1.本发明提供的单加氧酶基因PsLMPO10A，其特征在于，有如下的核苷酸序列：

2.根据权利要求1所述的单加氧酶PsLMPO10蛋白的制备方法，其特征在于，以假交替单胞菌株DL-6基因组DNA为模板，以PsLMPO10AF引物和PsLMPO10AR引物对进行PCR扩增；

所述引物为：

上游引物PsLMPO10AF:5’-GGAATTCCATATGCATGGTTATATGGAT AGCCCTAAAG-3’

下游引物PsLMPO10AR:5’-CCGCTCGAGCAGTGTGGTCCATACATCGGCTTG-3’

PCR的反应体系为：TaKaRa LATaq(5U/μl)0.5μl，10xLA PCR Buffer 0.5μl，dNTPMixture(各2.5mM)2μl，基因组DNA1μl，上(下)游引物(10μM)2μl，灭菌蒸馏水补足50μl。

PCR反应程序为：94℃ 2min，1个循环；94℃ 30s，55℃ 30s，68℃ 7min，30个循环；68℃15min，1个循环。

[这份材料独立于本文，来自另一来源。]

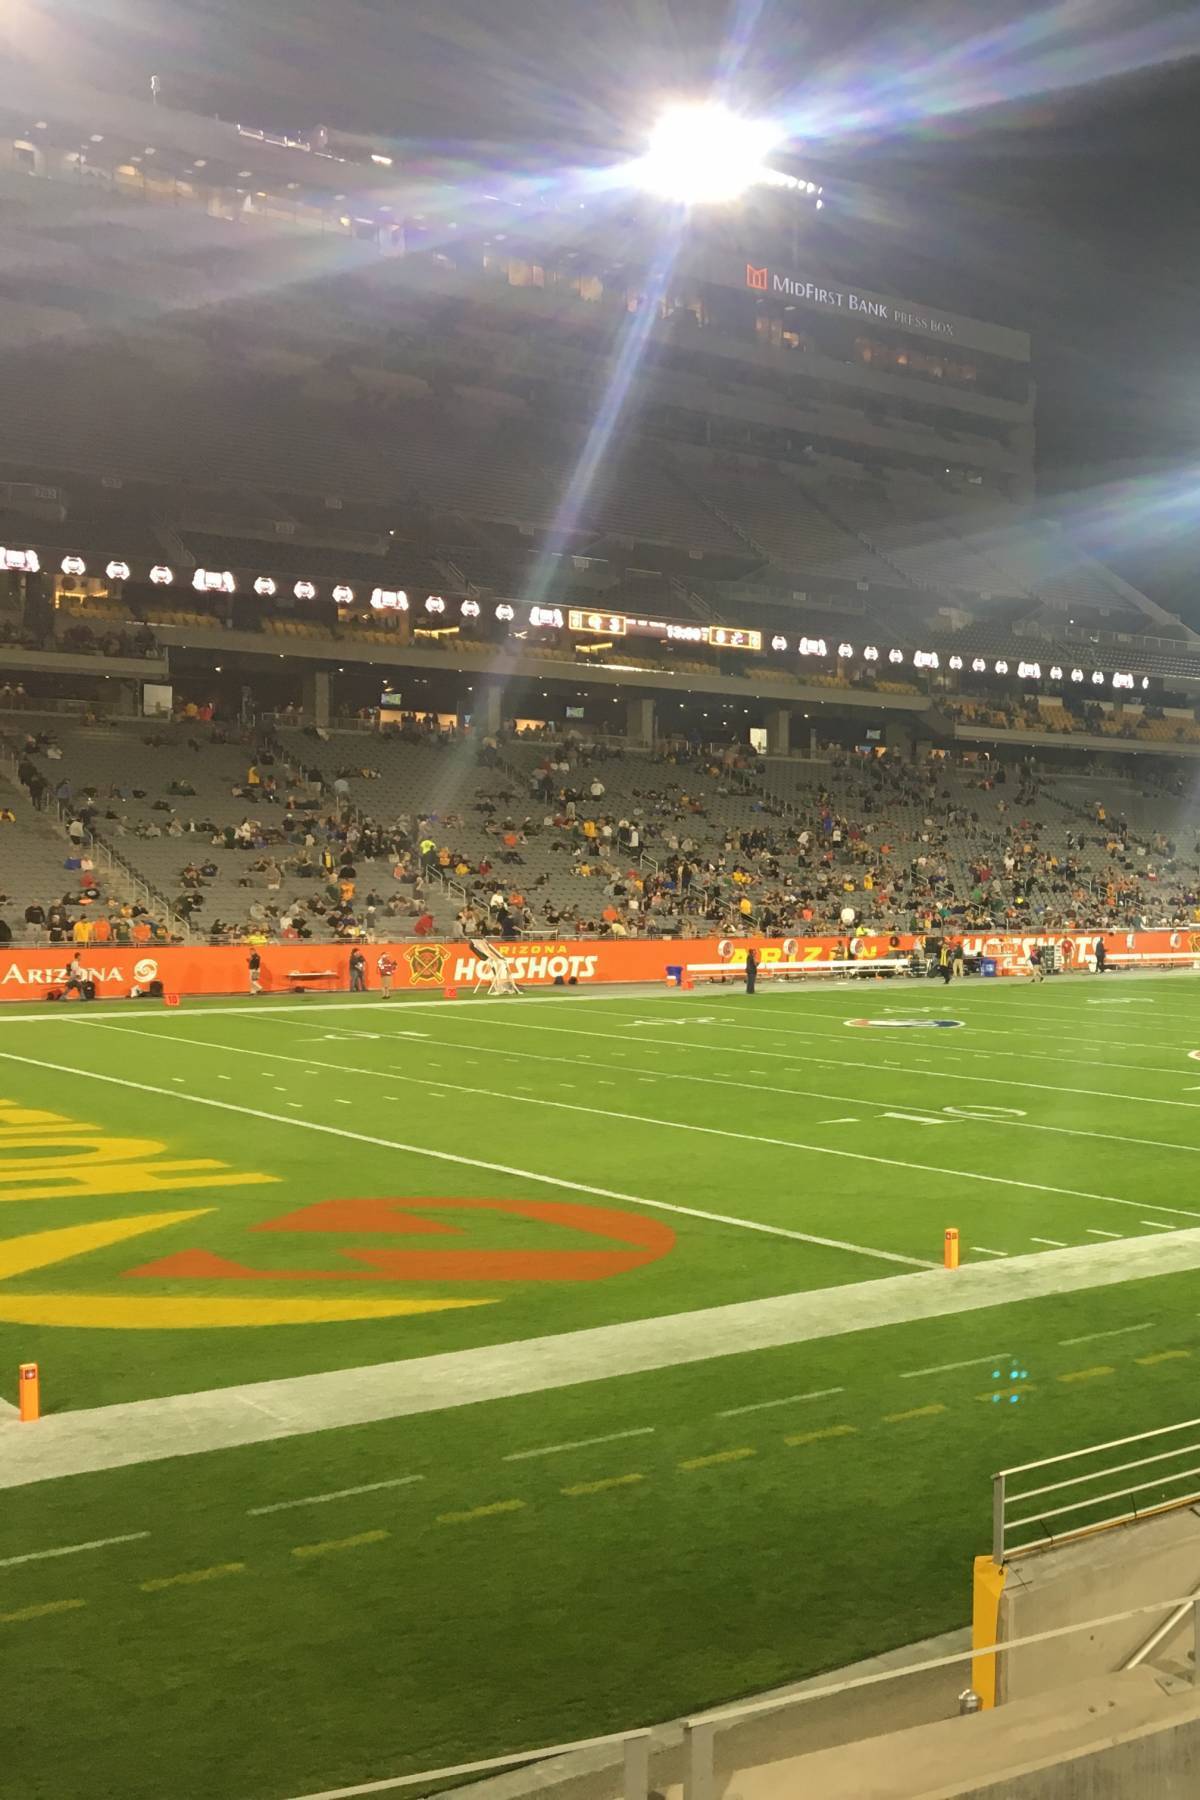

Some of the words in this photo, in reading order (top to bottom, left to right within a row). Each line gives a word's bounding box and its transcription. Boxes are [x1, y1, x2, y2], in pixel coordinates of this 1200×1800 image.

[848, 294, 888, 319] BANK
[497, 943, 567, 955] RIZONA
[454, 955, 598, 981] HOSHOTS

3.一种单加氧酶PsLMPO10A的表达与纯化方法，其特征在于，步骤如下：

(1)以权利要求2所述的PCR方法扩增权利要求1所示的核苷酸序列；

(2)构建大肠杆菌克隆载体pMD19-T-PsLMPO10A：将PCR扩增的DNA序列和pMD19-T载体用同样的限制性内切酶进行双酶切，用T₄DNA连接酶连接纯化的酶切产物，得到克隆载体pMD19-T-PsLMPO10A。

(3)构建大肠杆菌表达载体：将pMD19-T-PsLMPO10A质粒转化至E.coli Top10，得到阳性转化子。Nde Ⅰ和Xho Ⅰ将PsLMPO10AchiC基因片段从pMDl9-T-PsLMPO10A上切下，连接到pET-22b表达载体上，转化至E.coli BL21(DE3)，通过菌落PCR、酶切筛选鉴定阳性克隆子，命名为pET22b-PsLMPO10A。

(4)构建大肠杆菌重组表达菌株BL21(DE3)-pET22b-PsLMPO10A:将重组表达质粒pET22b-PsLMPO10A转化至大肠杆菌感受态细胞BL21(DE3)，挑选阳性克隆，得到重组表达菌株BL21(DE3)-pET22b-PsLMPO10A。

(5)所述体外诱导表达的方法为：将重组表达菌株BL21(DE3)-pET22b-PsLMPO10A接入含卡那的LB培养基中，37℃过夜培养14h。按1％的接种量接种到含卡那的LB培养基中。当OD_600nm达到0.6-0.8左右，加入0.2mM的IPTG，20℃，100rpm低温诱导6h。

(6)单加氧酶PsLMPO10A的纯化：诱导表达结束后，4℃，5,000×g,4℃离心5min，收集菌体，用10mL，PBS洗涤菌体三次。最后用10Ml，PBS的缓冲液重悬菌体。离心管置于冰上超声(400w)破碎三次，每次30s，每次间隔1min。4℃，8,000×g离心20min，收集上清液，即为粗蛋白。粗蛋白用Ni²⁺-NTA柱(Novagen)进行亲和层析纯化，得到单加氧酶PsLMPO10A。

4.一种重组单加氧酶PsLMPO10A的应用，其特征在于用作几丁质底物的降解。

5.一种具有几丁质降解的功能的产品，包括权利要求2所述的PsLMPO10A编码蛋白。

6.根据权利要求5所述的重组单加氧酶PsLMPO10A的应用，其特征在于，PsLMPO10A与粉状几丁质结合，经PsLMPO10A处理的几丁质，表面和边缘疏松多孔且粗糙不平，底物的结构遭到破坏，使几丁质酶与底物接触更容易。